_GIVEN INFORMATION_
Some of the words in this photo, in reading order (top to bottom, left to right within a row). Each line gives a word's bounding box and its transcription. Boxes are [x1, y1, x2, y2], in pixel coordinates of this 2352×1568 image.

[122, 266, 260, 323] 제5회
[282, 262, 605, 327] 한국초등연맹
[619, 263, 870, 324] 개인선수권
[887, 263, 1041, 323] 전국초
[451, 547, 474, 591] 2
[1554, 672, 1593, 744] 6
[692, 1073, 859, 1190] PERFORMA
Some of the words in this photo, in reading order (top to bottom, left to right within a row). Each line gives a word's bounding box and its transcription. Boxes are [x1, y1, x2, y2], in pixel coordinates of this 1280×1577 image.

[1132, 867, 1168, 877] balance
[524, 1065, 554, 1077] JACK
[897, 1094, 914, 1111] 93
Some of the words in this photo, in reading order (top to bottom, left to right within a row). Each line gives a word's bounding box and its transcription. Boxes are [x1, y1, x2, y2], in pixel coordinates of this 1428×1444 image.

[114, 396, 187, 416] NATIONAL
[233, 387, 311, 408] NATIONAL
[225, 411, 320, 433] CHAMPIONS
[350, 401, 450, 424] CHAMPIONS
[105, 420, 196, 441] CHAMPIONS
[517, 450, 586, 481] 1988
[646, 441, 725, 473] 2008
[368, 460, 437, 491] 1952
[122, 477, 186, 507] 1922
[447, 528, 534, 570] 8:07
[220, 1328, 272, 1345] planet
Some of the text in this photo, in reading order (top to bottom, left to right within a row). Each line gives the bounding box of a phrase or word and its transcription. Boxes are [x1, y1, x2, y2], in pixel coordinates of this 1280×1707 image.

_WHAT YOU ARE ASKED TO DO_
Type out the records above again, exactly the same.

_EXERCISE ANSWER_
Some of the words in this photo, in reading order (top to bottom, left to right within a row). Each line gives a word's bounding box and its transcription. Boxes are [x1, y1, x2, y2], in pixel coordinates of this 2352×1568 image.

[122, 266, 260, 323] 제5회
[282, 262, 605, 327] 한국초등연맹
[619, 263, 870, 324] 개인선수권
[887, 263, 1041, 323] 전국초
[451, 547, 474, 591] 2
[1554, 672, 1593, 744] 6
[692, 1073, 859, 1190] PERFORMA
Some of the words in this photo, in reading order (top to bottom, left to right within a row). Each line gives a word's bounding box and its transcription. Boxes are [x1, y1, x2, y2], in pixel coordinates of this 1280×1577 image.

[1132, 867, 1168, 877] balance
[524, 1065, 554, 1077] JACK
[897, 1094, 914, 1111] 93
Some of the words in this photo, in reading order (top to bottom, left to right within a row). Each line gives a word's bounding box and its transcription. Boxes are [x1, y1, x2, y2], in pixel coordinates of this 1428×1444 image.

[114, 396, 187, 416] NATIONAL
[233, 387, 311, 408] NATIONAL
[225, 411, 320, 433] CHAMPIONS
[350, 401, 450, 424] CHAMPIONS
[105, 420, 196, 441] CHAMPIONS
[517, 450, 586, 481] 1988
[646, 441, 725, 473] 2008
[368, 460, 437, 491] 1952
[122, 477, 186, 507] 1922
[447, 528, 534, 570] 8:07
[220, 1328, 272, 1345] planet
Some of the text in this photo, in reading order (top to bottom, left to right within a row). Each line gives the bounding box of a phrase or word and its transcription. Boxes are [x1, y1, x2, y2], in pixel coordinates of this 1280×1707 image.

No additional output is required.